## WORK INSTRUCTIONS
All of the data below must be reproduced word for word, but without its images.

## SUPPLIED INFORMATION
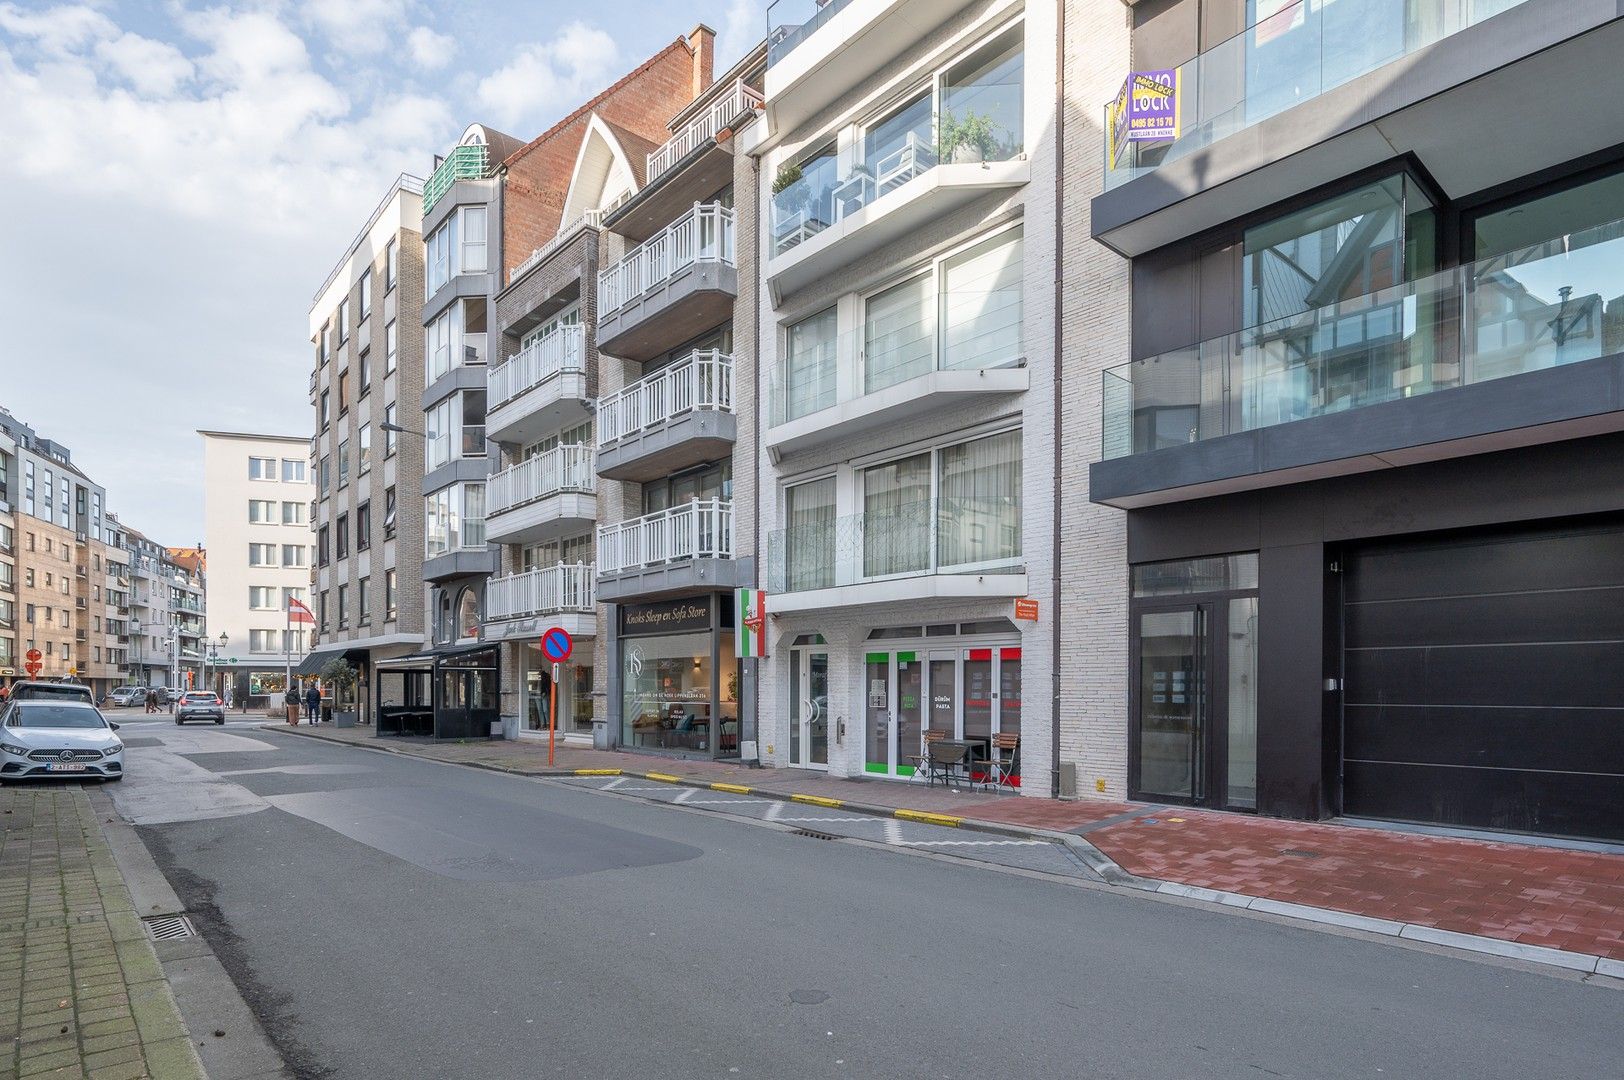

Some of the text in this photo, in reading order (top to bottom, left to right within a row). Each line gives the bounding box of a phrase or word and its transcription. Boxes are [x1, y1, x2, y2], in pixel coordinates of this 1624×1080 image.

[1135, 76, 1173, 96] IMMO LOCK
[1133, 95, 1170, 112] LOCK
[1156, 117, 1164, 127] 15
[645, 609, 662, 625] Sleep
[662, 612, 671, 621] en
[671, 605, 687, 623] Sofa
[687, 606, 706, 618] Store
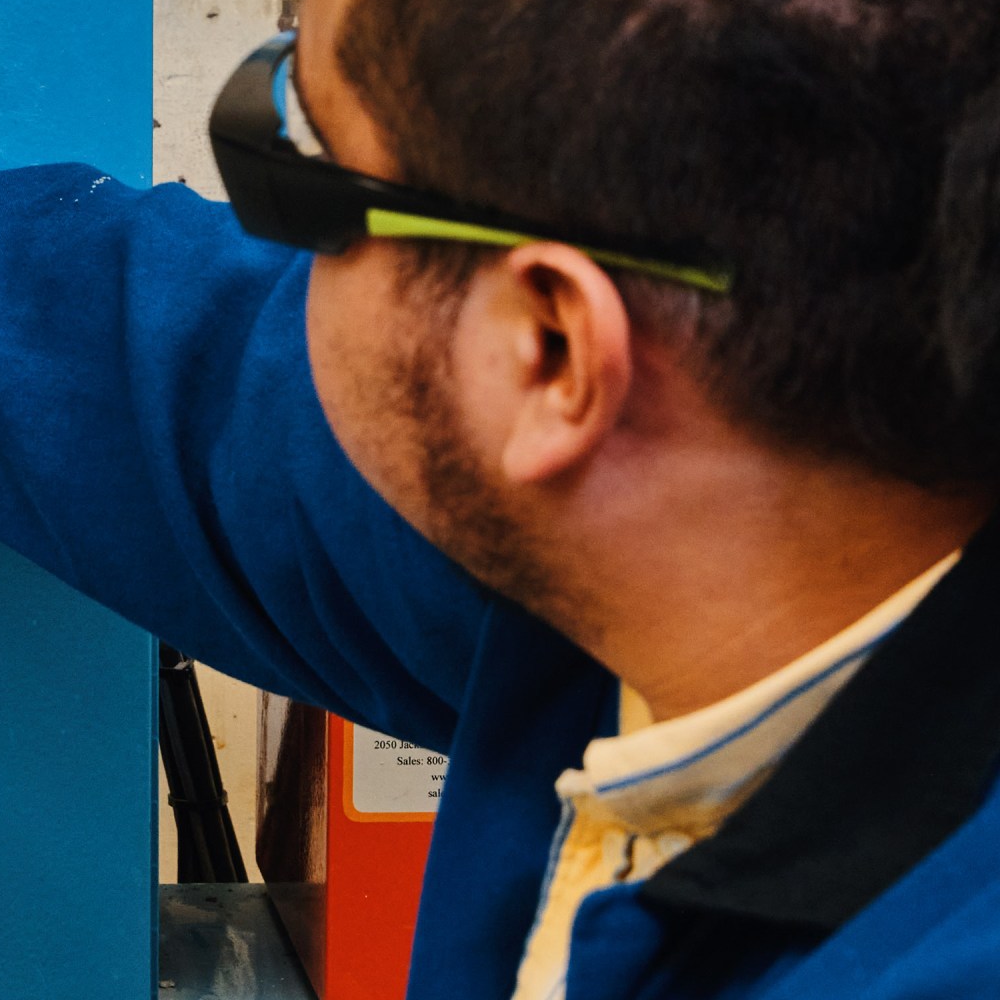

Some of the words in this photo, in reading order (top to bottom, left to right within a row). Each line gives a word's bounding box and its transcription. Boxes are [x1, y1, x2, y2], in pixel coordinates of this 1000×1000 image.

## SOLUTION FOR THIS EXERCISE
Some of the text in this photo, in reading order (top to bottom, left to right within a row). Each line gives the bounding box of a phrase or word and its transcription. Boxes are [x1, y1, x2, y2], in pixel coordinates of this 1624×1080 image.

[1135, 76, 1173, 96] IMMO LOCK
[1133, 95, 1170, 112] LOCK
[1156, 117, 1164, 127] 15
[645, 609, 662, 625] Sleep
[662, 612, 671, 621] en
[671, 605, 687, 623] Sofa
[687, 606, 706, 618] Store

Some of the words in this photo, in reading order (top to bottom, left to right within a row). Each line gives a word's bounding box and its transcription. Boxes are [x1, y1, x2, y2], in pixel coordinates of this 1000×1000 image.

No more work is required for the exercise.